I usually get on a flight all red-eyed because I have been crying as I walk through customs (this is disconcerting for all) to take my seat. I really do pity the passengers sitting next to me. They never signed up for the batshit crazy that my family should be dealing with but my family eventually ignores me and the person sitting next to me cops it. I have held hands with multiple air stewards, an elderly woman with a suspected concussion, a New Zealand trekker, a reiki master (he was kinda cute and husband was ignoring me), a tax auditor on a business trip and another cute guy who was taking photos of me to upload to his social media to laugh at the wacked out woman on his flight. (Please note that despite being in the throes of an anxiety attack I can still admire hotness when hotness is near me).

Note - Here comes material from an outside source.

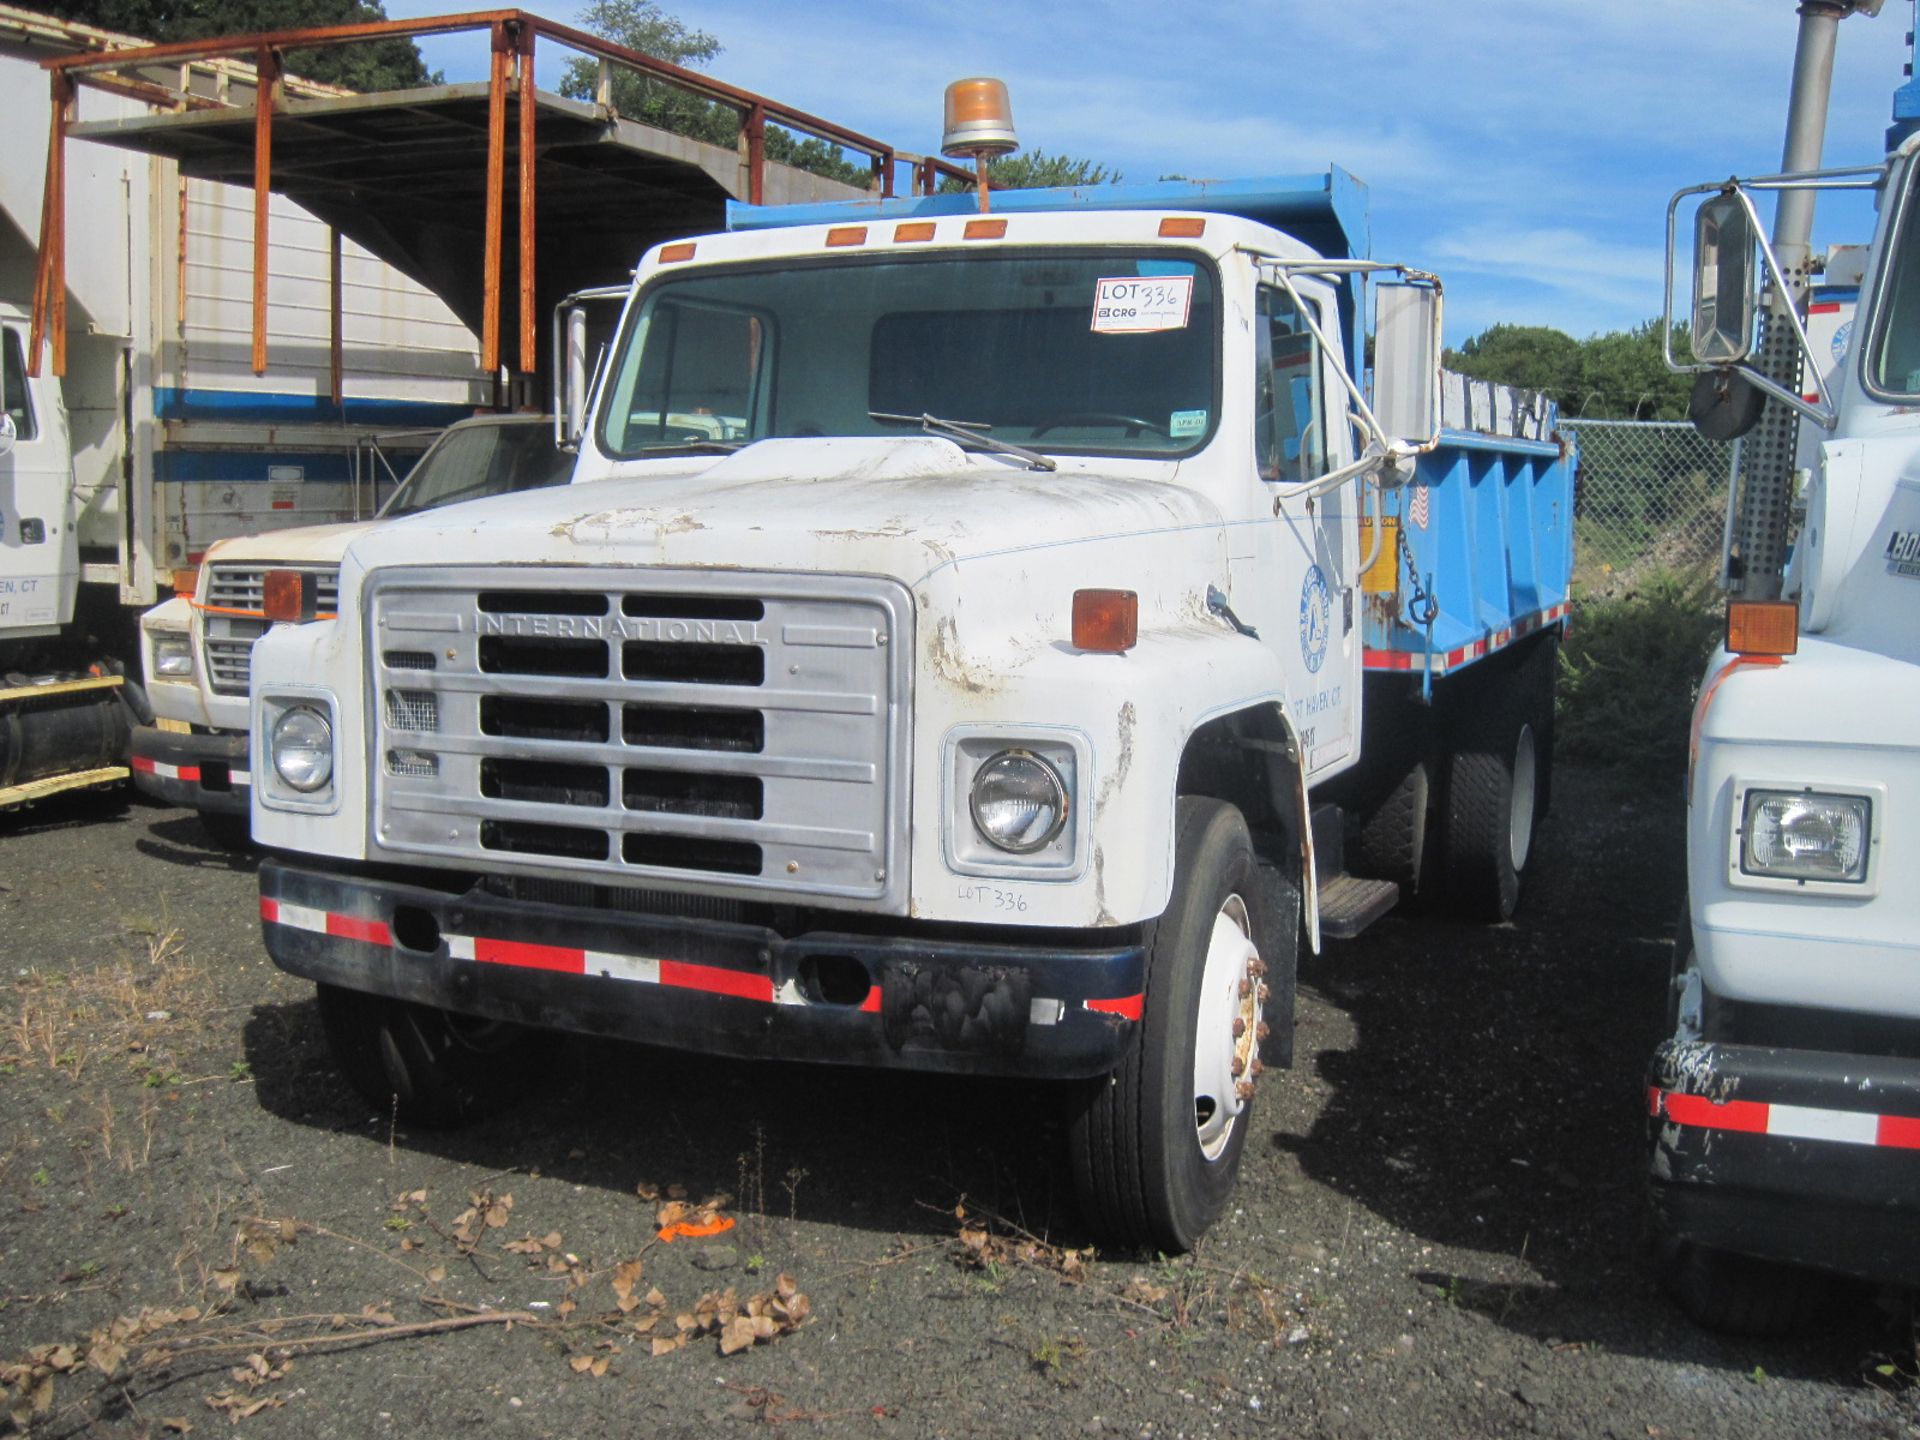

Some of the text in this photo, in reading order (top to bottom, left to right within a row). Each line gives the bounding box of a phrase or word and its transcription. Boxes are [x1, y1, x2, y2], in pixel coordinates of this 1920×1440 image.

This is not to say that my own family and friends don’t care. They try to calm me down, they whisper kind words, they ply me with alcohol. Recently, my son was insightful enough to calm me by telling me, and I quote, “You have nothing to worry about, mum. The pilot is male.” This was a cunning plan on his behalf as he hoped that he could make me angry enough to go into a feminist rant about women pilots being on par with male pilots and forgetting that I was airborne but my phobia is not easily distracted. I saw through his ruse and panicked despite his patriarchal statement.
But just as my phobia is two-fold, so is my problem. As much as I hate flying, I am afflicted with living in Australia. The only way to see any other country in the world is to fly. I am also afflicted with a malaise called reading. And my reading is worldly. It takes part in many different places in the world. When I read about quaint English cottages in the Lakes district where a doe-eye English ingenue is hiding from the squillionaire industrialist who is seeking her out – I want to go there. Every time I read a novel set in some exotic country, some dreamlike island, some remote mountain pass, some bustling city, I want to go there. I want to be there. I want to experience the same place, to judge the author (and oh yes, dear authors, I am judging your novel for its accuracy of its sense of place). I WANT to see these places, I want to experience them personally and not through the eyes of a writer. But I have had to overcome my fear to see these places – I blame all you writerly and readerly types for taunting me with places and making me need to cope with flying. I wish I could fly without fear. Perhaps I will eventually be able to overcome this terror. But in the meantime, I will opt to read rather than embark on another trip….for now.